With this patch applied curl runs again. There was a second issue that showed up when running curl's test suite. This was a difference of a signed versus unsigned char pointer. It was a bit trickier, because further down the function it expected unsigned values, so it needed an explicit cast. That fix has been applied as well.
A good question is how relevant these issues are. On the assembly level pointers are just pointers and there's no difference between a char* and a void*. But C sometimes fails in interesting and unexpected ways, so it's certainly better to fix those bugs. I don't know whether there's a realistic scenario in which such a bug ends up being a security bug, if you are aware of one please post a comment.

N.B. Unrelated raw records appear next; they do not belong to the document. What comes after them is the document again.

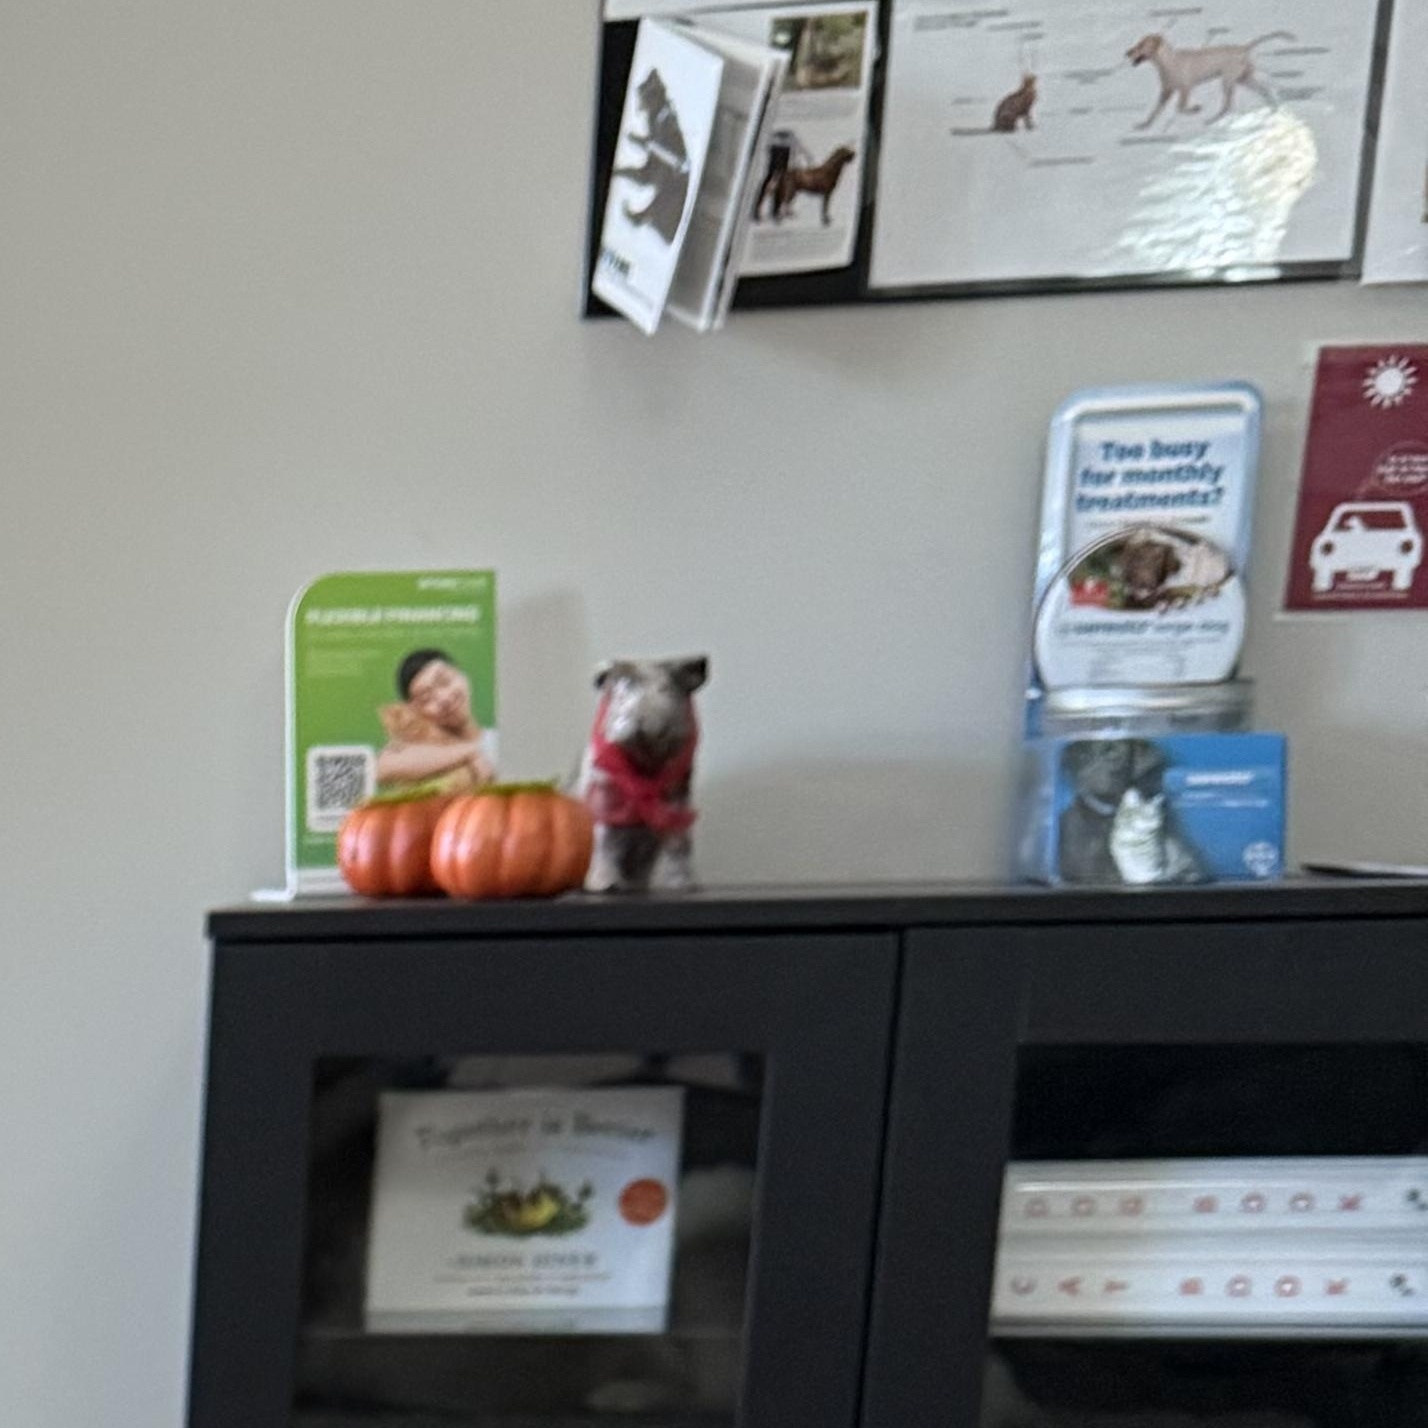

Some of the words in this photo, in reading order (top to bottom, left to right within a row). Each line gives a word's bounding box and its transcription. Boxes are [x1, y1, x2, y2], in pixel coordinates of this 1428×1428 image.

[1101, 440, 1145, 461] Too
[1150, 437, 1211, 463] busy
[1080, 467, 1116, 486] for
[1121, 462, 1225, 486] monthly
[1076, 487, 1225, 513] treatments?
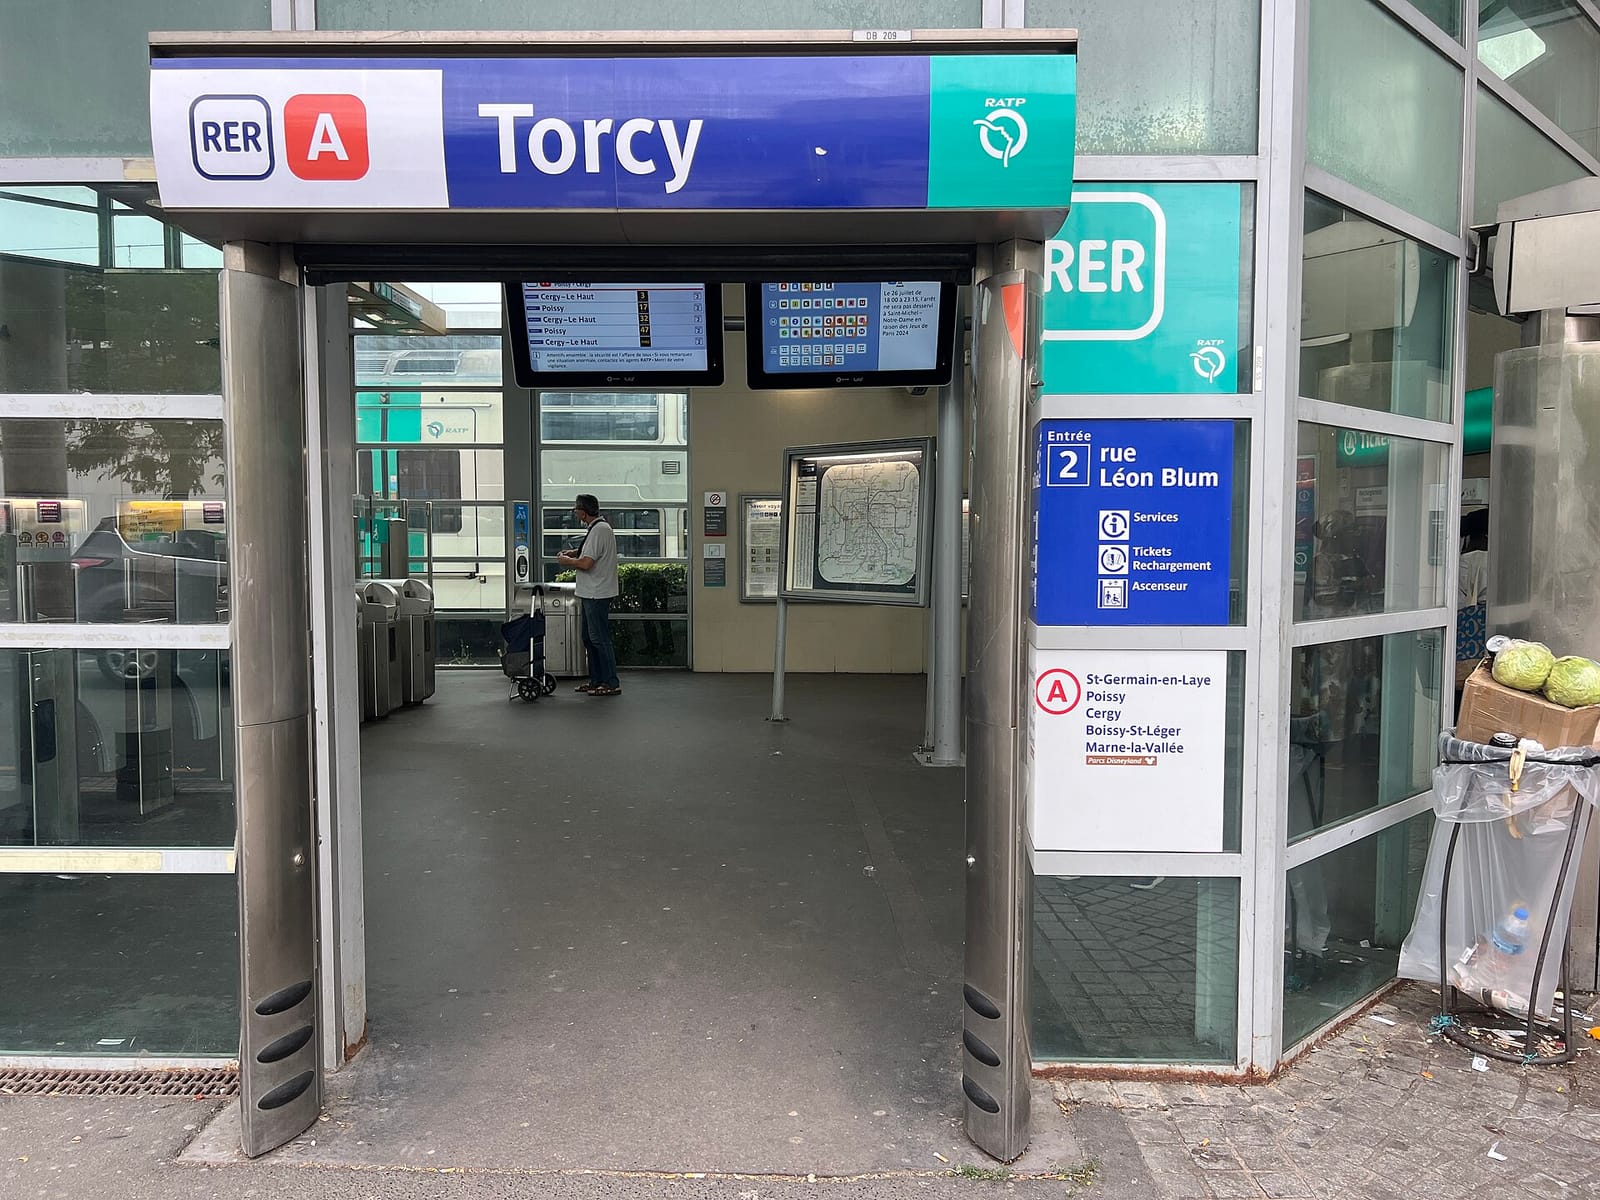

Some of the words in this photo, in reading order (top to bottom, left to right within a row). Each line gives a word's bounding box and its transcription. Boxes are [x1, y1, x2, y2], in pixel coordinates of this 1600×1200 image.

[882, 31, 897, 40] 209
[984, 97, 1027, 107] RATP
[201, 121, 263, 153] RER
[306, 112, 350, 161] A
[477, 102, 704, 194] Torcy
[1044, 239, 1145, 293] RER
[542, 304, 564, 313] Poissy
[544, 327, 566, 335] Poissy
[1047, 430, 1092, 442] Entrée
[1059, 450, 1078, 479] 2
[1100, 446, 1137, 462] rue
[1100, 467, 1153, 487] Léon
[1161, 467, 1218, 487] Blum
[1133, 512, 1179, 523] Services
[1133, 546, 1172, 557] Tickets
[1132, 560, 1212, 573] Rechargement
[1131, 581, 1188, 591] Ascenseur
[1046, 679, 1068, 703] A
[1086, 674, 1211, 688] St-Germain-en-Laye
[1086, 691, 1126, 704] Poissy
[1086, 707, 1122, 721] Cergy
[1086, 724, 1181, 739] Boissy-St-Léger
[1086, 742, 1184, 754] Marne-la-Vallée
[1106, 757, 1143, 765] Disneyland
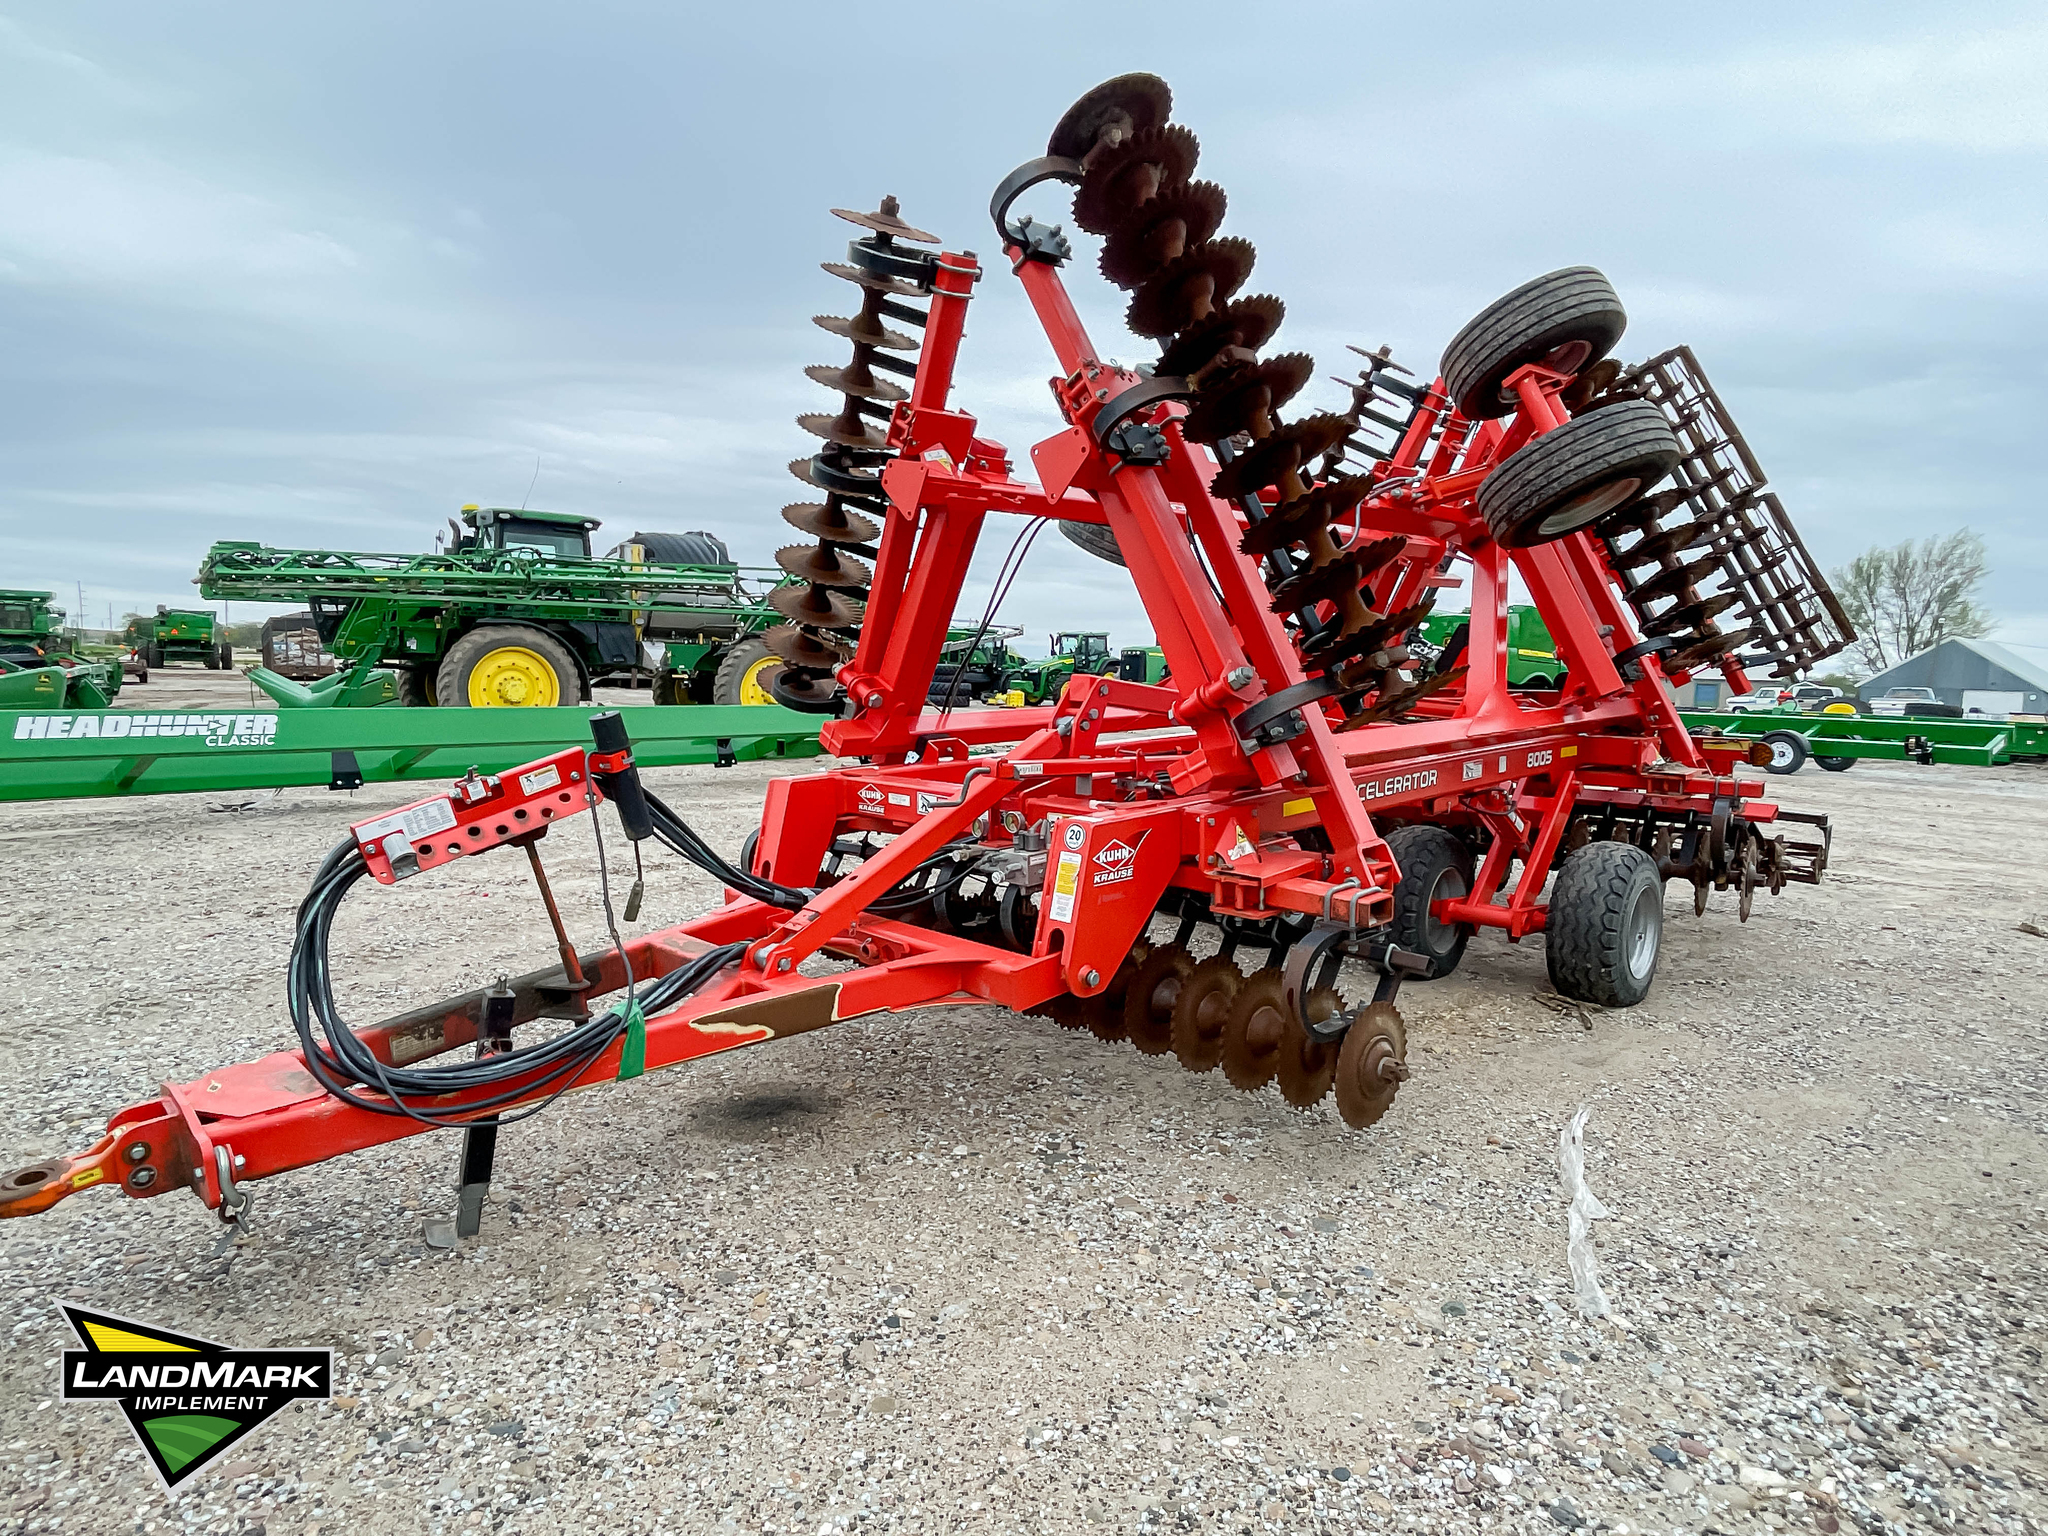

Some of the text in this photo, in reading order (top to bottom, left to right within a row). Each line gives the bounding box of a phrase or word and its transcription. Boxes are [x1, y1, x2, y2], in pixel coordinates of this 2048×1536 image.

[13, 714, 279, 739] HEADHUNTER
[205, 734, 276, 747] CLASSIC
[1527, 750, 1553, 768] 8005
[1355, 769, 1438, 801] CELERATOR
[861, 789, 881, 801] KUHN
[1069, 829, 1081, 841] 20
[1100, 847, 1129, 863] KUHN
[1093, 867, 1134, 884] KRAUSE

Notable here is that CFI is designed to be a runtime hardening feature, but given it interrupts program execution when it hits certain bug classes it is also a bug finding tool.
From my layman understanding CFI is more likely to catch and prevent C++ bugs, because indirect function calls are much more common within object oriented programming. But given that most C++ applications are more complex, it's more likely you run into problems when trying to compile them with CFI.
For now I think it's a good idea that C/C++-based projects test their code with CFI. This lays the groundwork for future projects where people might want to create hardened systems with CFI enabled. But it can also helps to find bugs. One project that has already extensively uncovered bugs with CFI is Chrome. If you follow Chrome's release notes you may have noticed that they often attribute security fixes to CFI.